What you will do: Could you give back every entry below exactly, with the pictures dropped?

(Saved data entries)

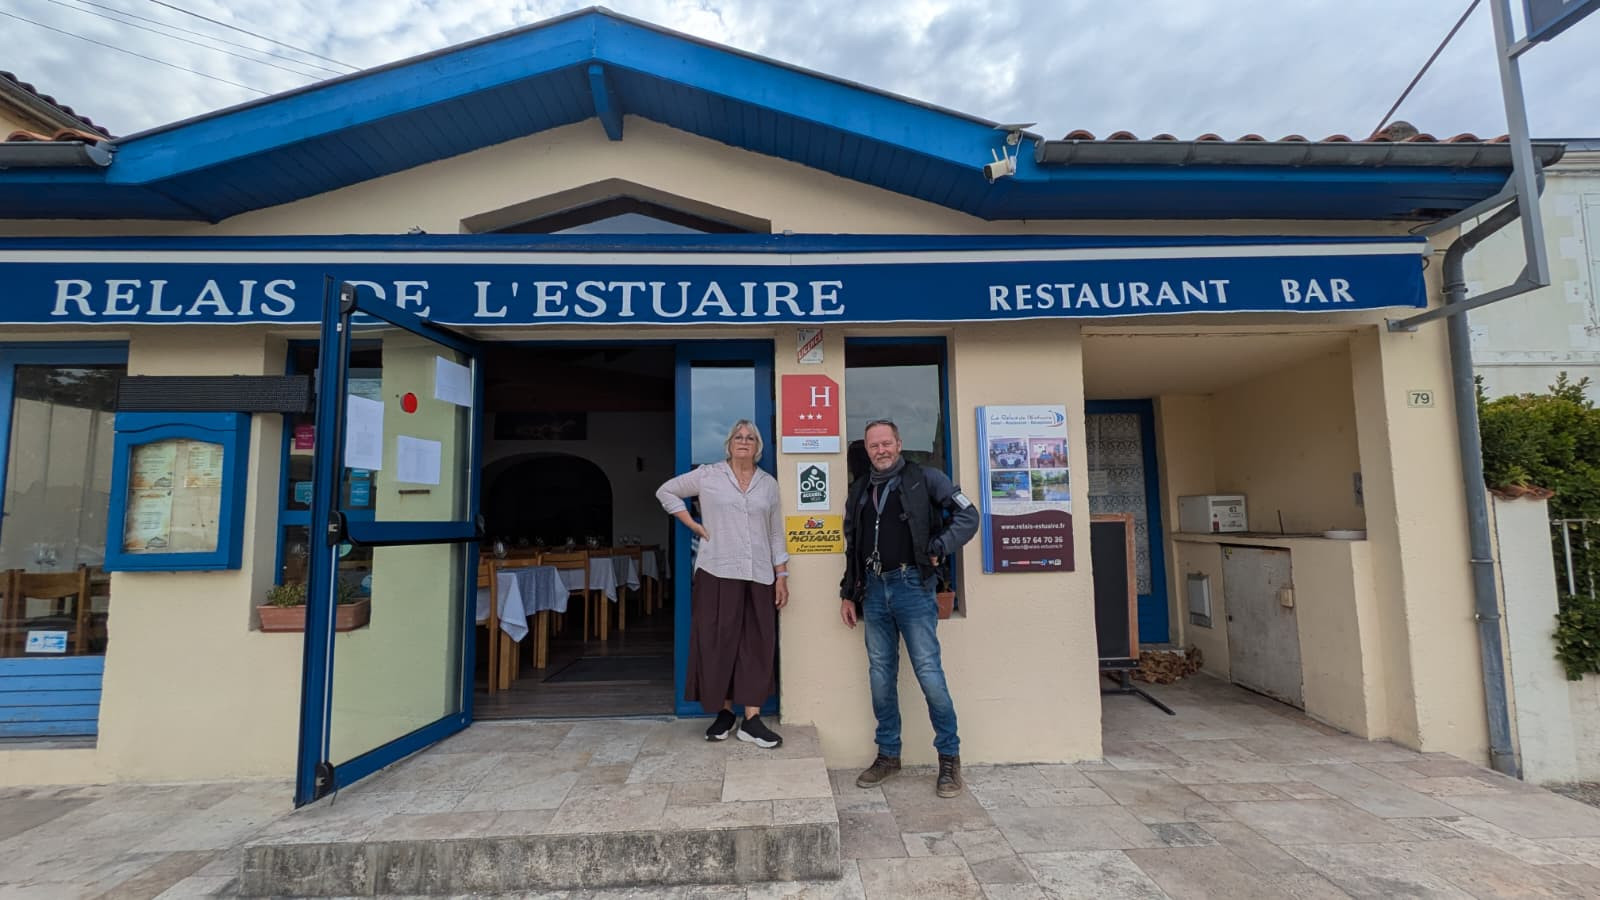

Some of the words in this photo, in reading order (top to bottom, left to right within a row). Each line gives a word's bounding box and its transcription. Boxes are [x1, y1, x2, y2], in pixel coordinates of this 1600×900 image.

[51, 279, 296, 316] RELAIS
[474, 281, 845, 318] L'ESTUAIRE
[989, 279, 1230, 311] RESTAURANT
[1281, 279, 1355, 304] BAR
[810, 386, 831, 408] H
[1412, 393, 1430, 405] 79
[1011, 536, 1021, 544] 05

Task result:
Some of the words in this photo, in reading order (top to bottom, left to right within a row). Each line gives a word's bounding box and its transcription. Boxes are [x1, y1, x2, y2], in pixel coordinates of this 1600×900 image.

[51, 279, 296, 316] RELAIS
[474, 281, 845, 318] L'ESTUAIRE
[989, 279, 1230, 311] RESTAURANT
[1281, 279, 1355, 304] BAR
[810, 386, 831, 408] H
[1412, 393, 1430, 405] 79
[1011, 536, 1021, 544] 05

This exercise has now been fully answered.